Tactiquement, le numéro deux du Front, qui guigne la succession de Jean-Marie Le Pen, a tout intérêt à se dédouaner d'une politique du pire qui déconcerte ses électeurs provençaux. «Ma stratégie a été de ponctionner un maximum d'électeurs RPR dès le premier tour», explique-t-il. Ce qui ne l'a pas empêché d'enfoncer le clou de la «corruption», de la «magouille», et du «clientélisme» du PS...
Fort du désistement de Christian Rossi et de la bénédiction de son «ami» Jean-Claude Gaudin, le maire UDF de Marseille, qui voit avec effroi la montée du Front, Henri D'Attilio est serein. Atout de ce socialiste à la sauce provençale ? Sa connaissance du terrain.

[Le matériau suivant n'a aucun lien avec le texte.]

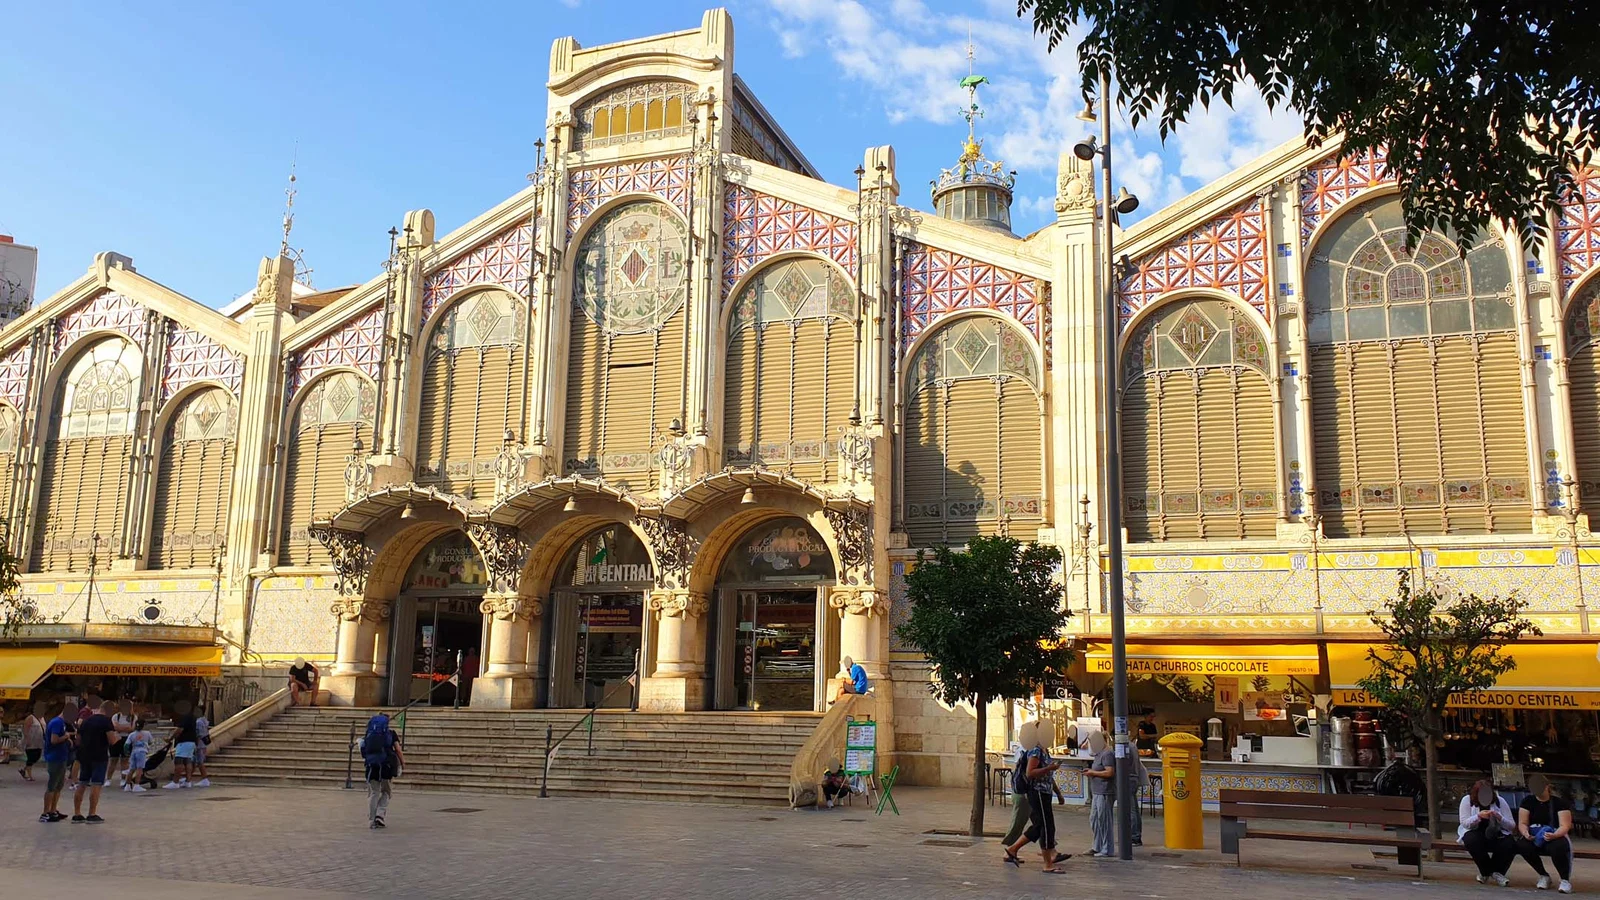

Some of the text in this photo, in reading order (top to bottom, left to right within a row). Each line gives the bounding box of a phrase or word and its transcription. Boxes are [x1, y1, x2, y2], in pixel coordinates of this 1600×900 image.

[796, 543, 827, 552] LOCAL
[435, 554, 472, 563] RODUCTE
[598, 563, 654, 583] CENTRAL
[55, 664, 109, 673] ESPECIALIDAD
[110, 665, 121, 673] EN
[122, 665, 151, 674] DATILES
[152, 666, 158, 674] Y
[160, 665, 198, 674] TURRONES
[1097, 660, 1269, 672] HOHATA CHURROS CHOCOLATE
[1343, 692, 1365, 703] LAS
[1451, 693, 1515, 705] MERCADO
[1518, 694, 1579, 706] CENTRAL

Sans jamais afficher la rose socialiste, fort de ses deux précédentes victoires contre les intrus du Front, «Henri» parcourt inlassablement les rives de l'étang de Berre, rappelant que Mégret n'a jamais élu sur son nom propre, puisque son succès aux régionales comme aux européennes a été acquis au scrutin de liste. «Je suis né à Châteauneuf-lès-Martigues, derrière l'église. Ici je suis chez moi. Lui, personne ne le connaît...Ou maï sou pichoune, ou maï soun mari fan coume lei pichoune rocket» (plus ils sont petits, plus ils sont méchants comme des roquets), soupire D'Attilio, qui clôt ses meetings avec l'hymne provençal.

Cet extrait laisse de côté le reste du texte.